◆ **Task details**: Exclude the pictures, then copy all remaining records exactly.

◆ **Exercise input**:
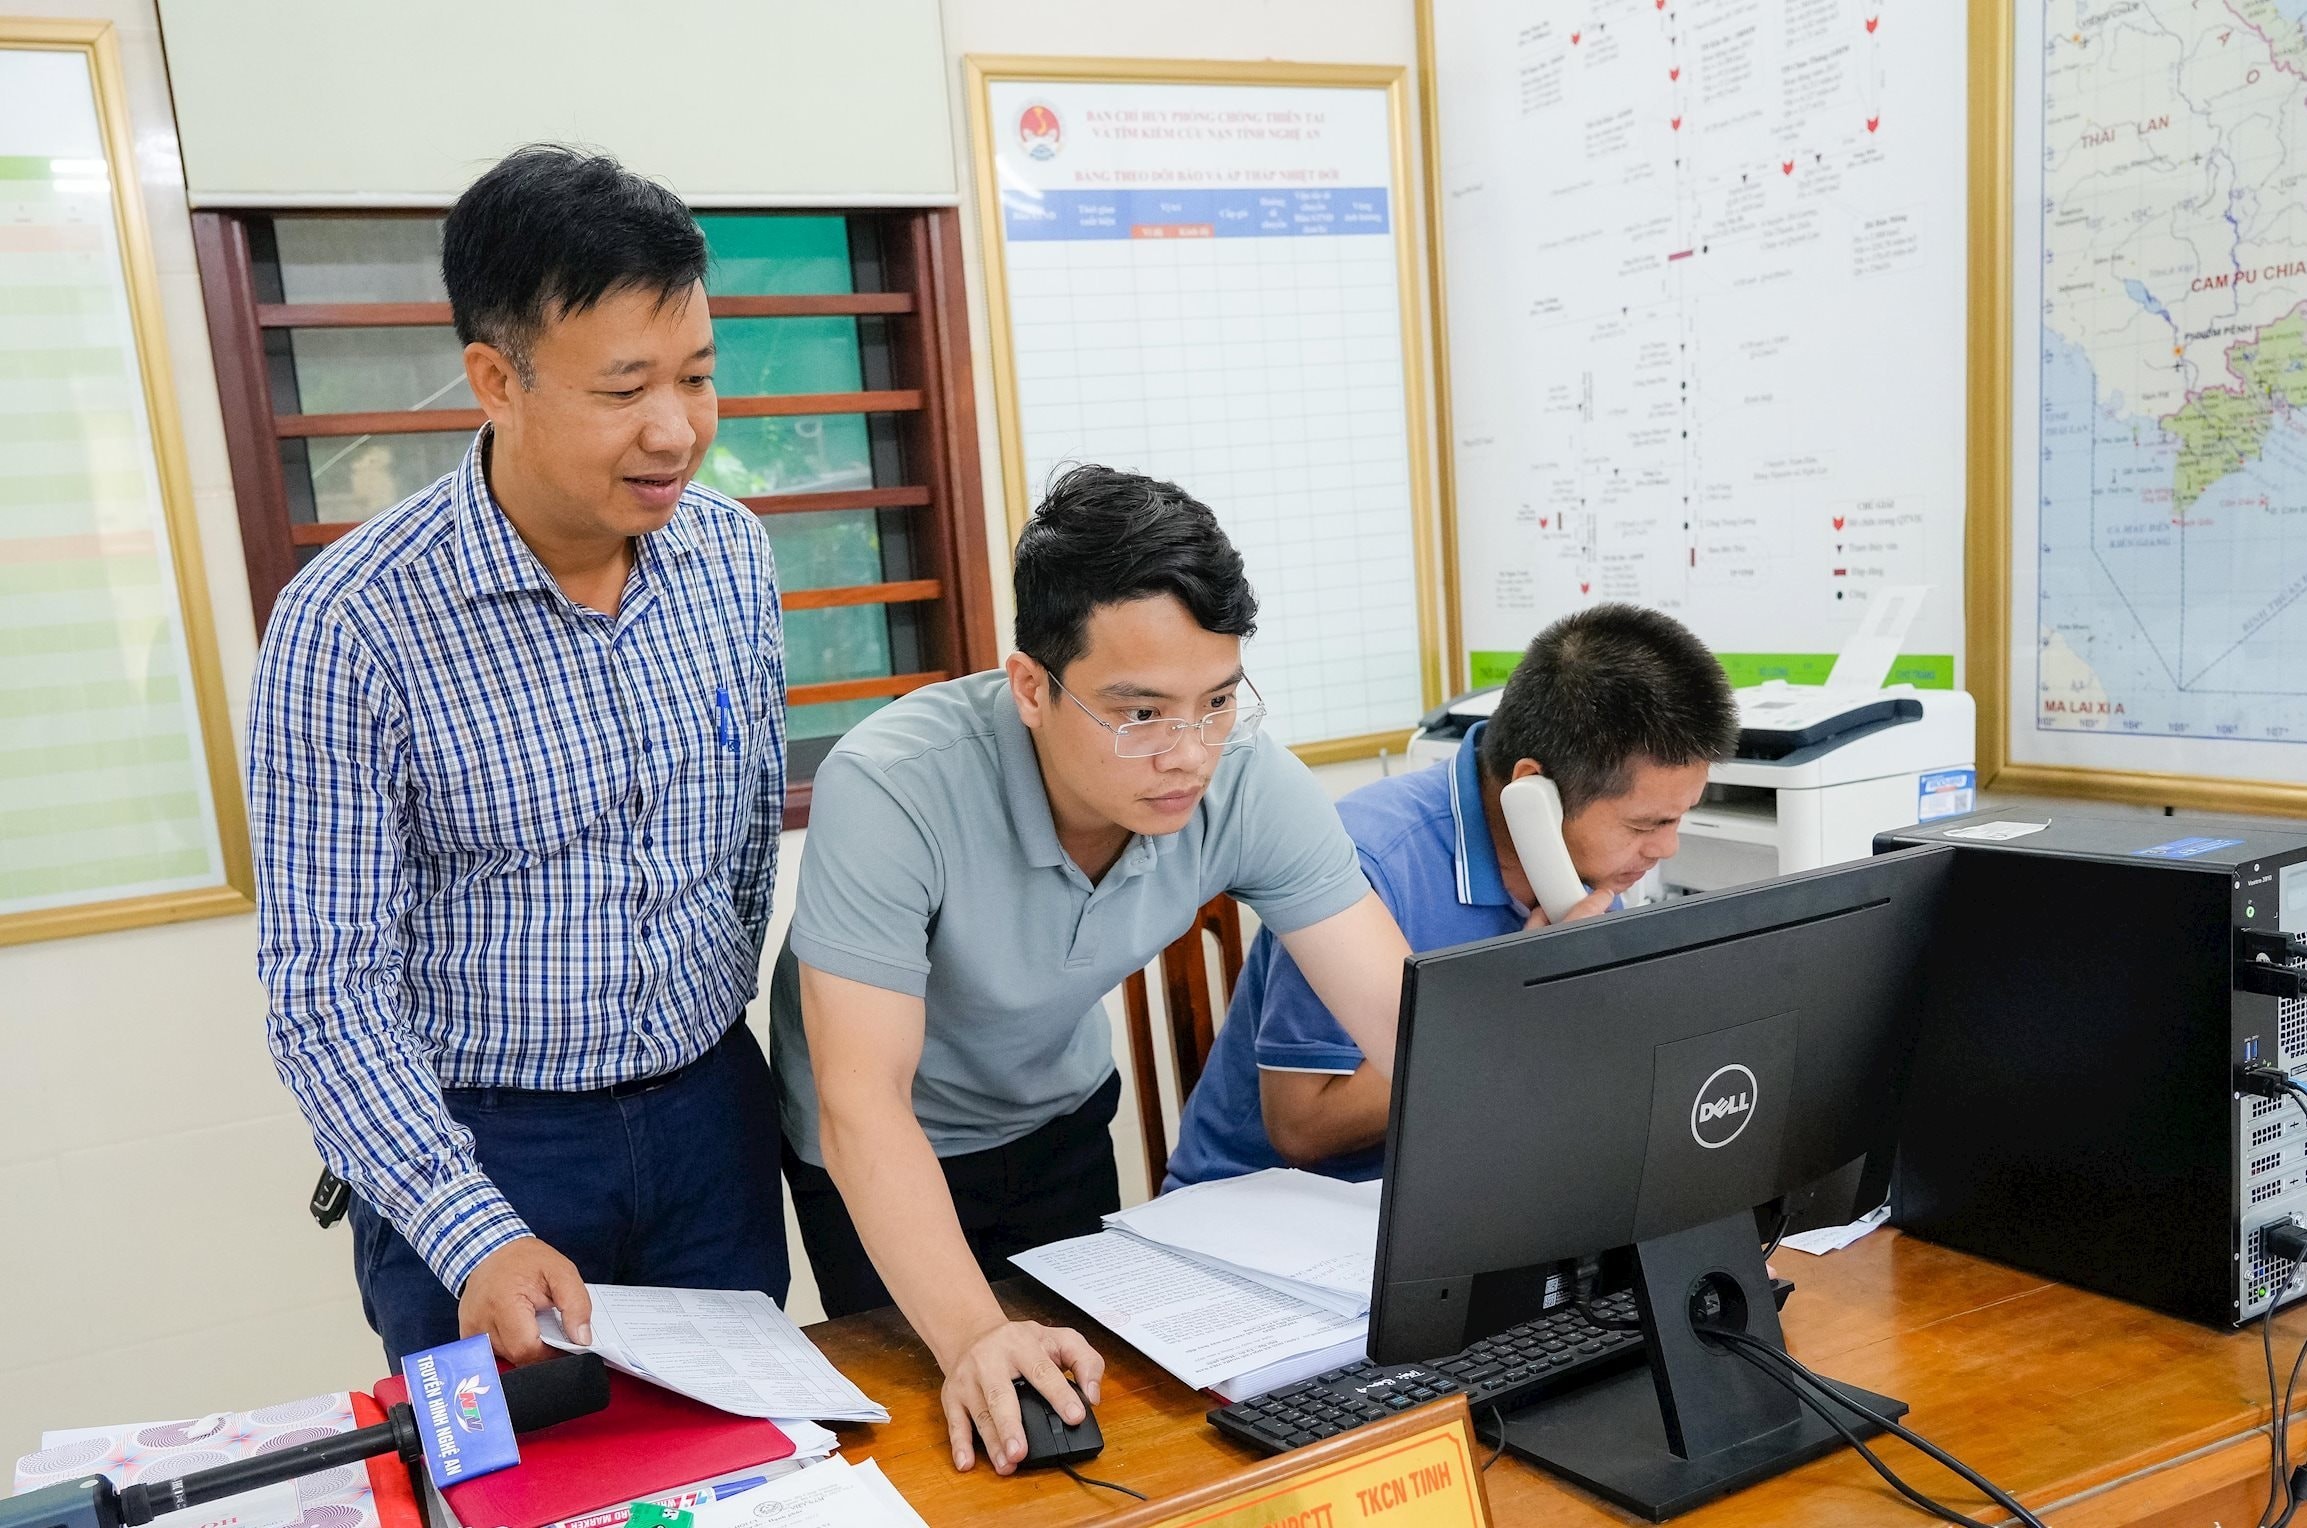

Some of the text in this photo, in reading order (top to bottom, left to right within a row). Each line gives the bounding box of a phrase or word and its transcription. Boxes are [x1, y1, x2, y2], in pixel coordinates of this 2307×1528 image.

[2191, 261, 2307, 293] CAM PU CHIA
[1699, 1092, 1750, 1123] DELL
[417, 1354, 462, 1476] TRUYỀN HÌNH NGHỆ AN
[458, 1392, 484, 1431] NTV
[1356, 1477, 1409, 1518] TKCN

◆ **Task output**:
Some of the text in this photo, in reading order (top to bottom, left to right within a row). Each line gives the bounding box of a phrase or word and its transcription. Boxes are [x1, y1, x2, y2], in pixel coordinates of this 2307×1528 image.

[2191, 261, 2307, 293] CAM PU CHIA
[1699, 1092, 1750, 1123] DELL
[417, 1354, 462, 1476] TRUYỀN HÌNH NGHỆ AN
[458, 1392, 484, 1431] NTV
[1356, 1477, 1409, 1518] TKCN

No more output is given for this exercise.